Annotated photo localization data:
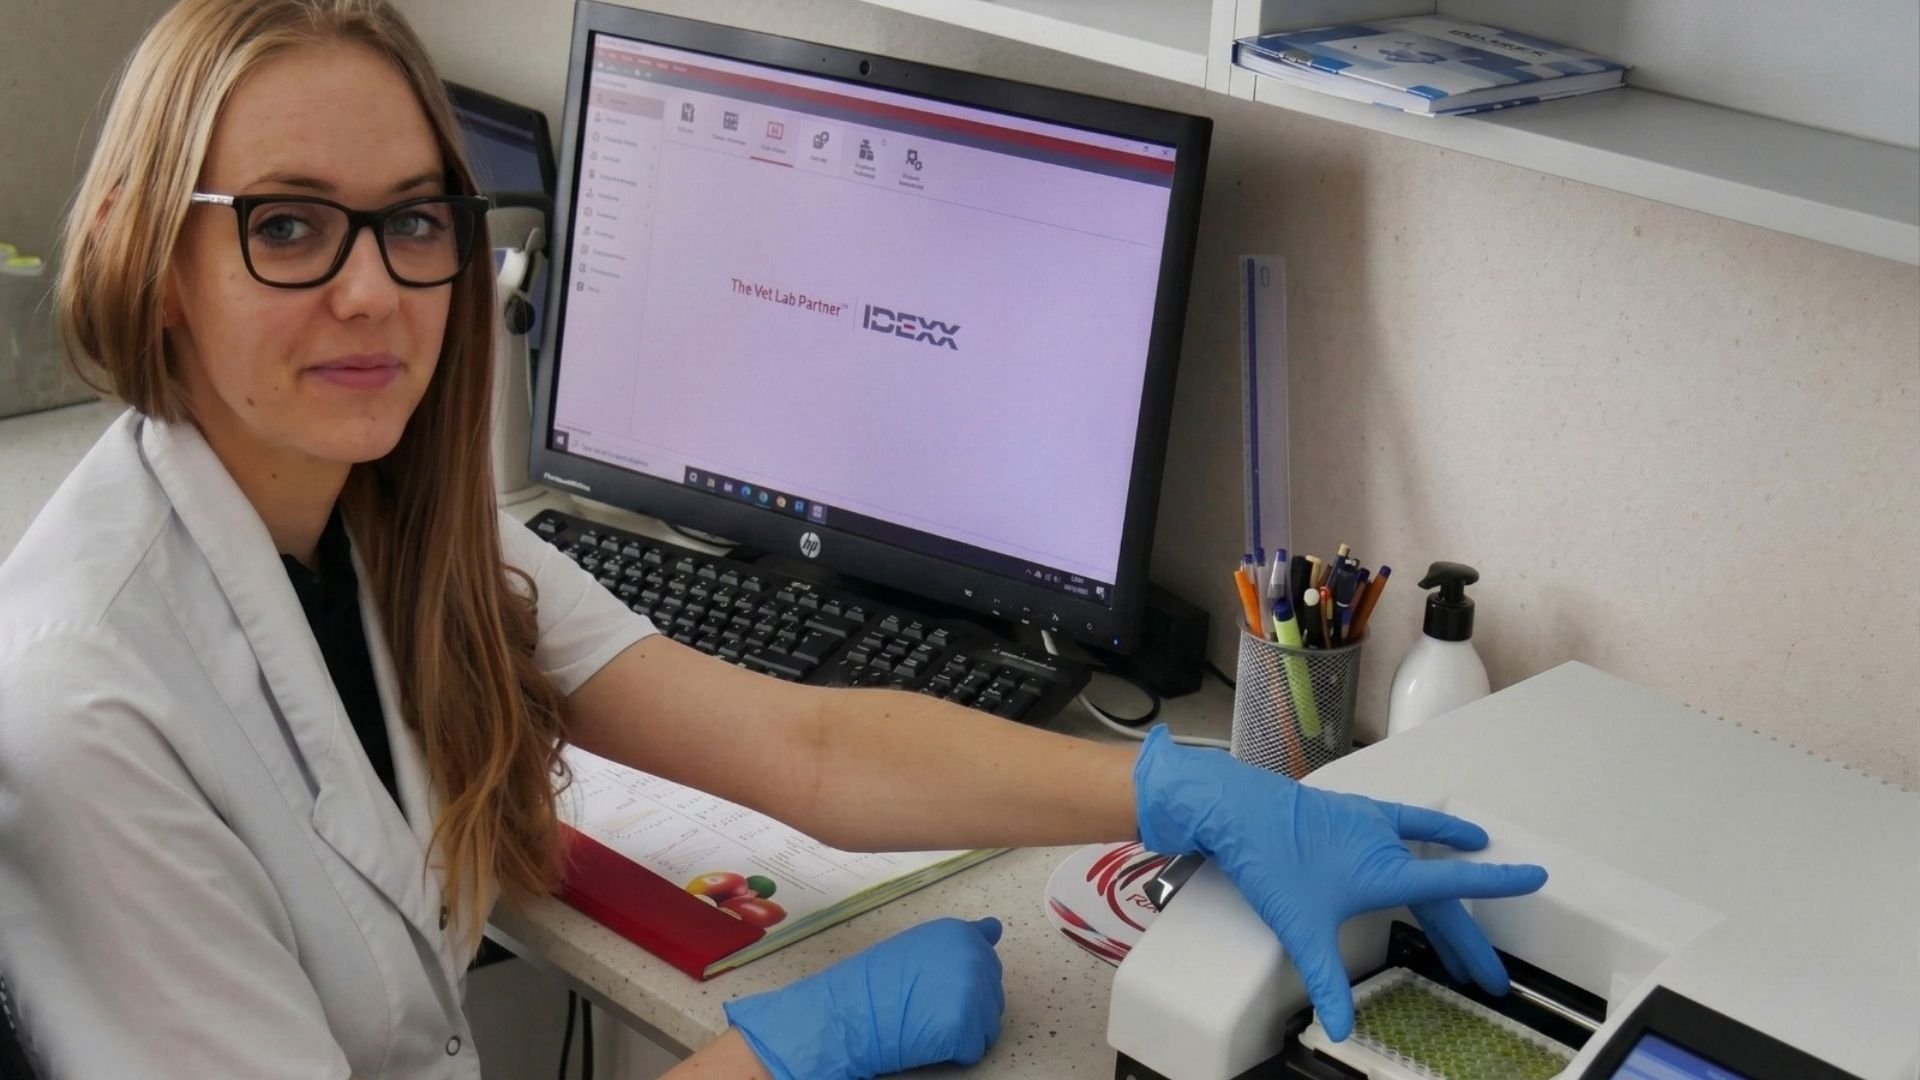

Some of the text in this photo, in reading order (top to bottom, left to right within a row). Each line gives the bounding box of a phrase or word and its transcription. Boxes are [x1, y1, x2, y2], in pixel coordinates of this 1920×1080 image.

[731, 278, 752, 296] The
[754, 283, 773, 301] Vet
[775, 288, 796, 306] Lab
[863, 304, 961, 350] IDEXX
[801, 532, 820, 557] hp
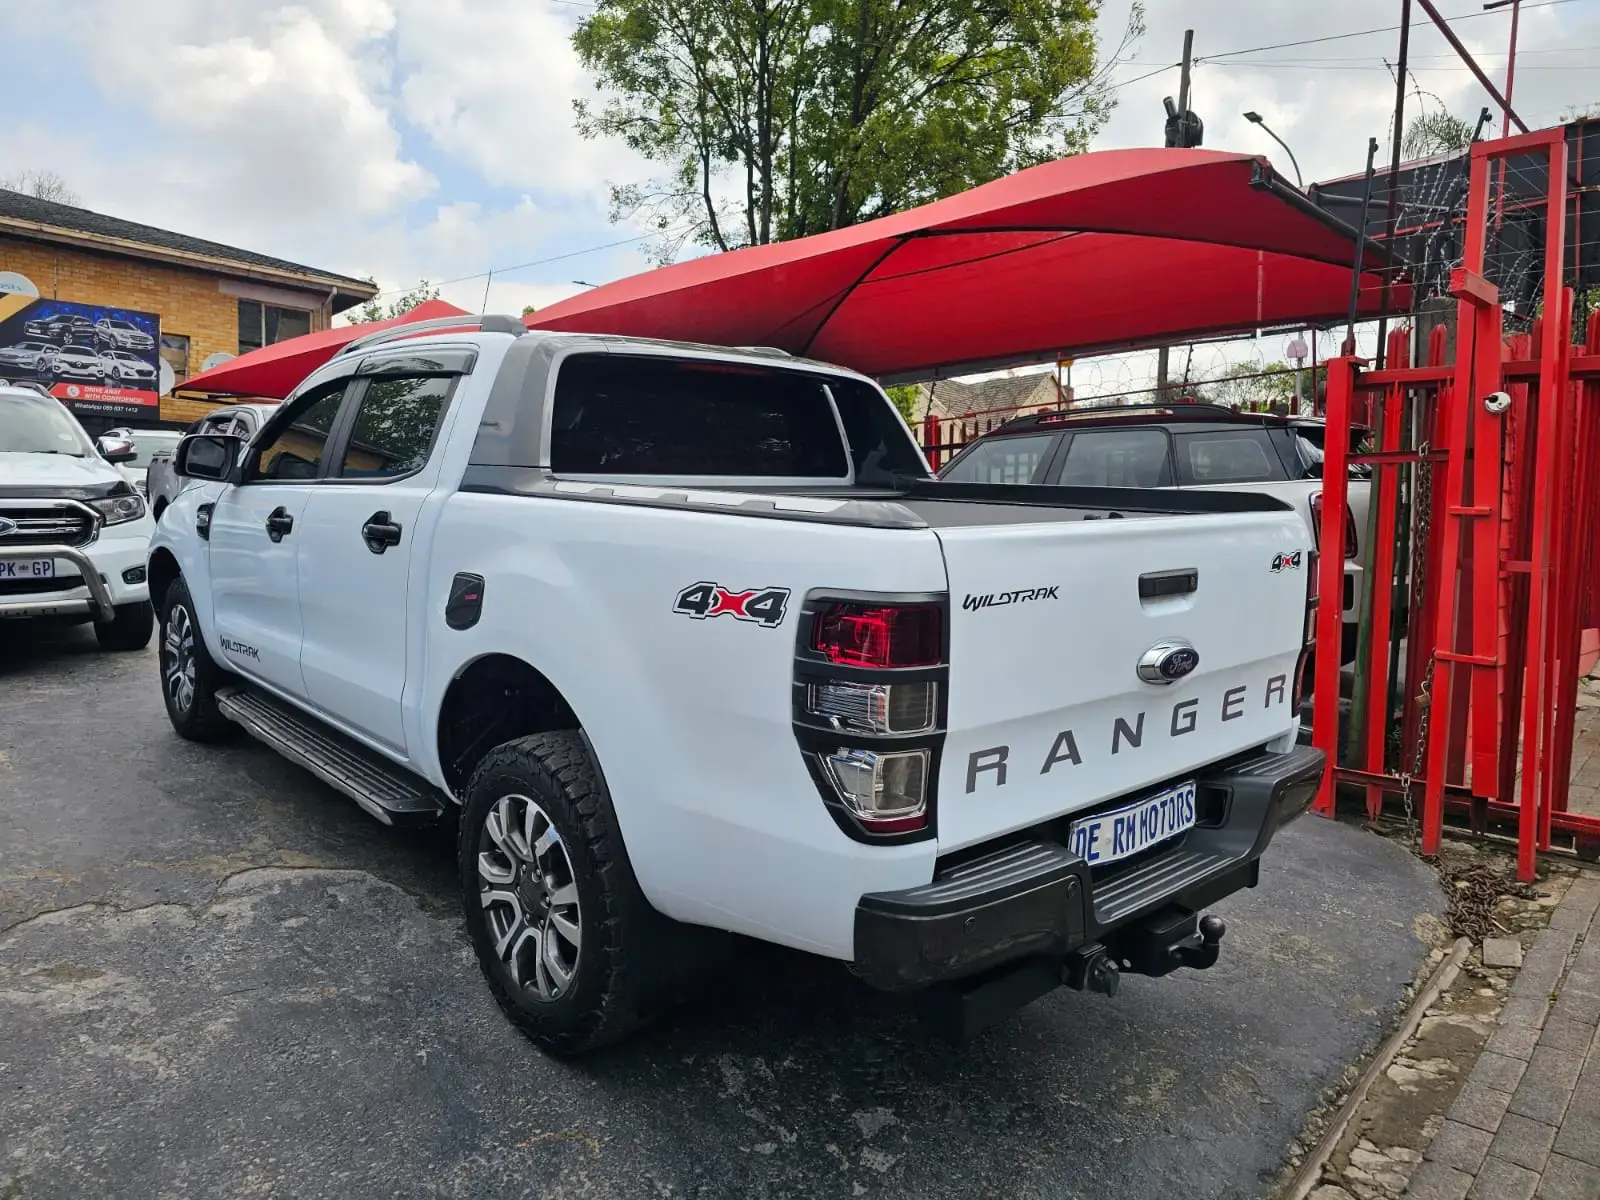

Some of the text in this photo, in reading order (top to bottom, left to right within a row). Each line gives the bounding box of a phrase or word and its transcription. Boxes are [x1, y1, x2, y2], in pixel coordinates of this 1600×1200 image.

> [Exercise details]:
Your copy should hold every record word for word and none of the pictures.

> [Solution for this task]:
Some of the text in this photo, in reading order (top to bottom, left to right within a row). Each line gives the bounding box of a phrase or word and its transcription. Boxes are [x1, y1, x2, y2], in pixel coordinates of this 1920×1080 image.

[731, 278, 752, 296] The
[754, 283, 773, 301] Vet
[775, 288, 796, 306] Lab
[863, 304, 961, 350] IDEXX
[801, 532, 820, 557] hp

Some of the text in this photo, in reading order (top to bottom, left to right within a row). Each line gives the bounding box of a phrase or word and its transcription. Boxes are [x1, y1, x2, y2], in pixel coordinates of this 1600×1200 image.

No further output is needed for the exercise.